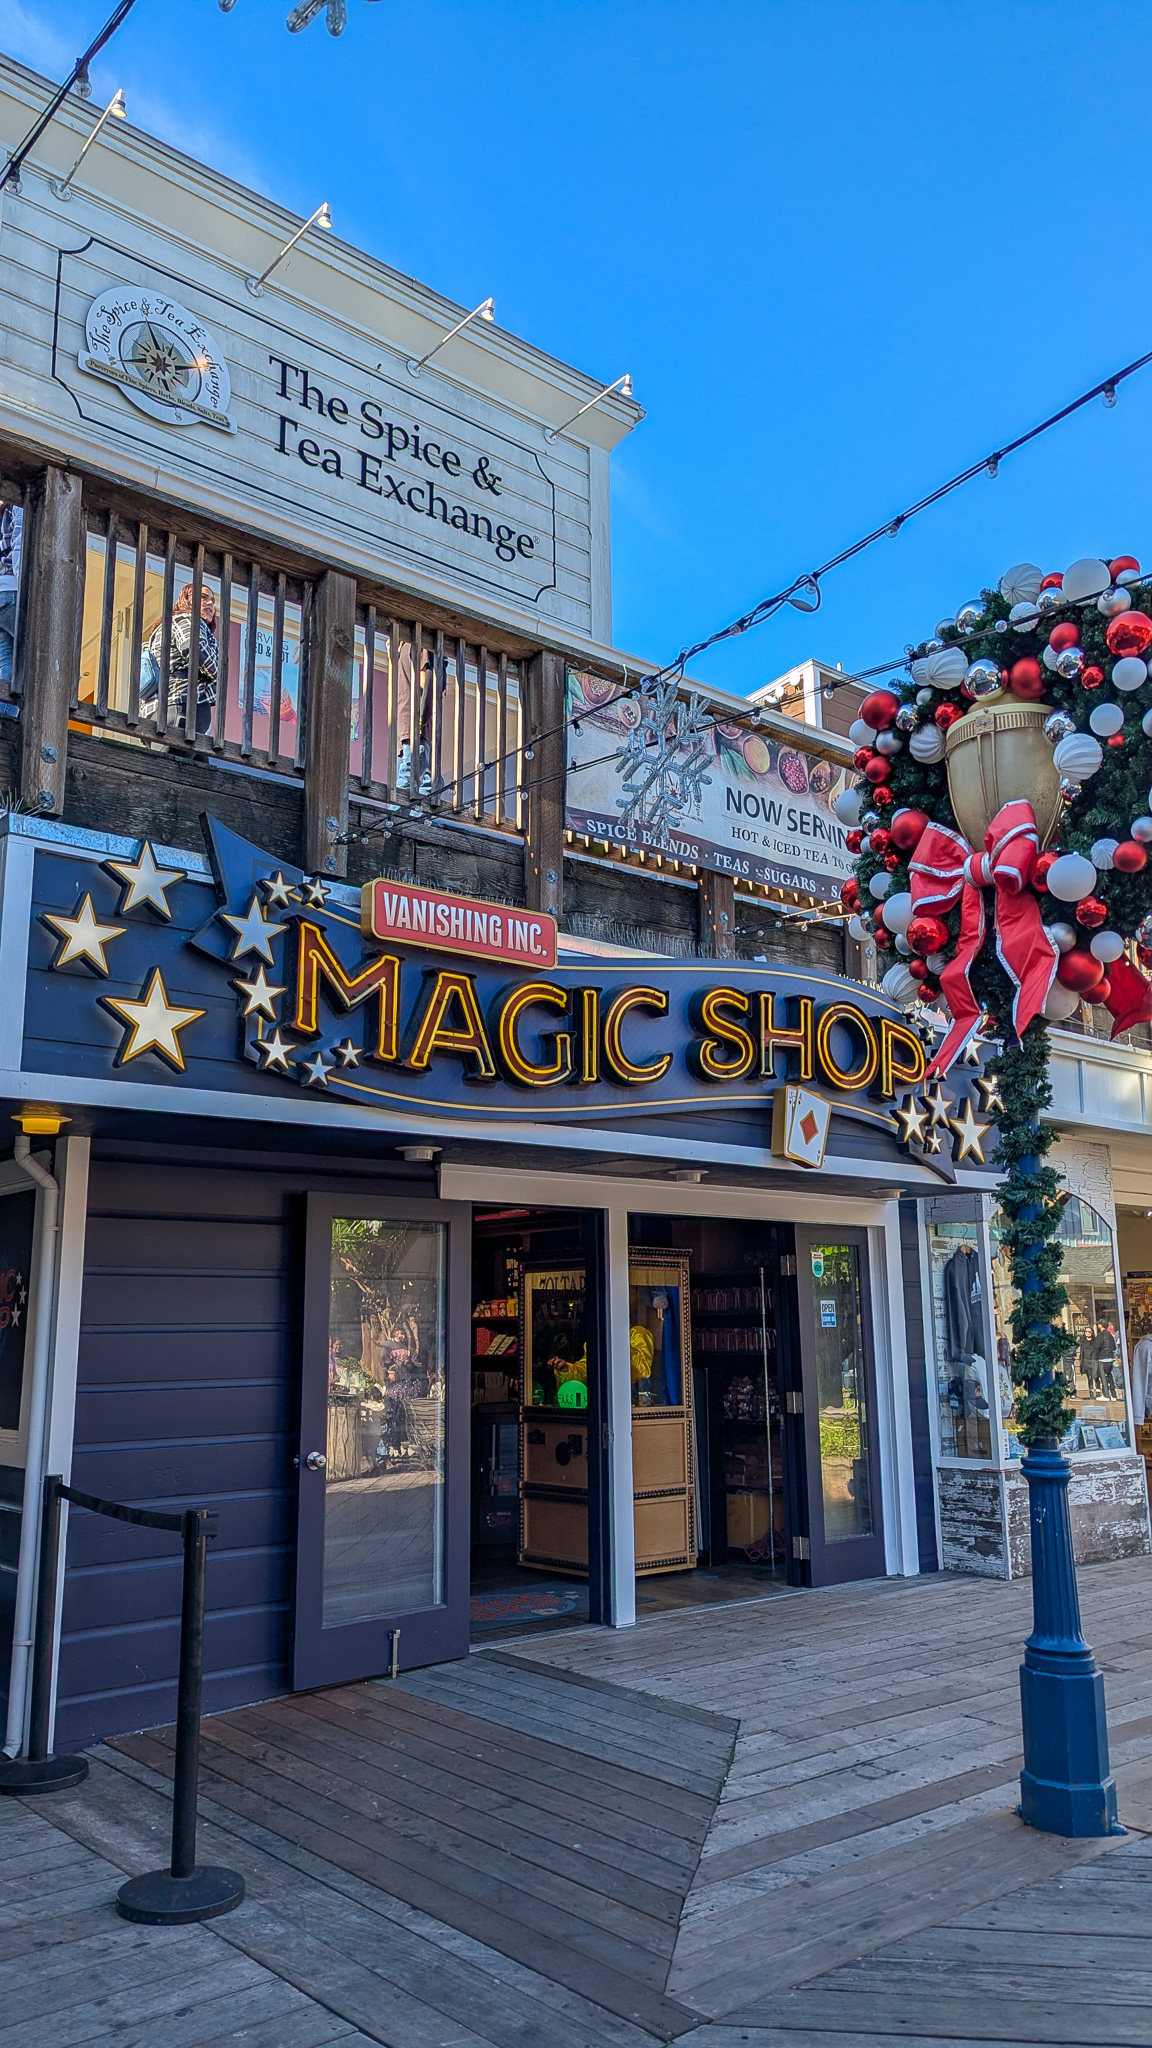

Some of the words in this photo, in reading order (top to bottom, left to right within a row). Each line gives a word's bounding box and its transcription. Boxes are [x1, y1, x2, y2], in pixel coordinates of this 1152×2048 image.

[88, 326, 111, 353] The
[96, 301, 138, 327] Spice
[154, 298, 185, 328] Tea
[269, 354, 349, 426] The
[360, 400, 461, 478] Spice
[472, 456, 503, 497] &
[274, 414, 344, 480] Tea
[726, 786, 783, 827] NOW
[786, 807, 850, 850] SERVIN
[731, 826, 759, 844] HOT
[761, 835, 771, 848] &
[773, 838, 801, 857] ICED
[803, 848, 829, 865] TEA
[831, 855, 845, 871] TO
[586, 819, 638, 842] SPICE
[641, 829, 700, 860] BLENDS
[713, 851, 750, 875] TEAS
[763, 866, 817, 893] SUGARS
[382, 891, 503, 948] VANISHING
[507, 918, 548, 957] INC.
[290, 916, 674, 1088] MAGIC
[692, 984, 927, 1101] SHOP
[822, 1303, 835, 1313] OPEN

################

### What this task involves
From the data above, write out everything exactly except the pictures.

### Response
Some of the words in this photo, in reading order (top to bottom, left to right within a row). Each line gives a word's bounding box and its transcription. Boxes are [x1, y1, x2, y2], in pixel coordinates of this 1152×2048 image.

[88, 326, 111, 353] The
[96, 301, 138, 327] Spice
[154, 298, 185, 328] Tea
[269, 354, 349, 426] The
[360, 400, 461, 478] Spice
[472, 456, 503, 497] &
[274, 414, 344, 480] Tea
[726, 786, 783, 827] NOW
[786, 807, 850, 850] SERVIN
[731, 826, 759, 844] HOT
[761, 835, 771, 848] &
[773, 838, 801, 857] ICED
[803, 848, 829, 865] TEA
[831, 855, 845, 871] TO
[586, 819, 638, 842] SPICE
[641, 829, 700, 860] BLENDS
[713, 851, 750, 875] TEAS
[763, 866, 817, 893] SUGARS
[382, 891, 503, 948] VANISHING
[507, 918, 548, 957] INC.
[290, 916, 674, 1088] MAGIC
[692, 984, 927, 1101] SHOP
[822, 1303, 835, 1313] OPEN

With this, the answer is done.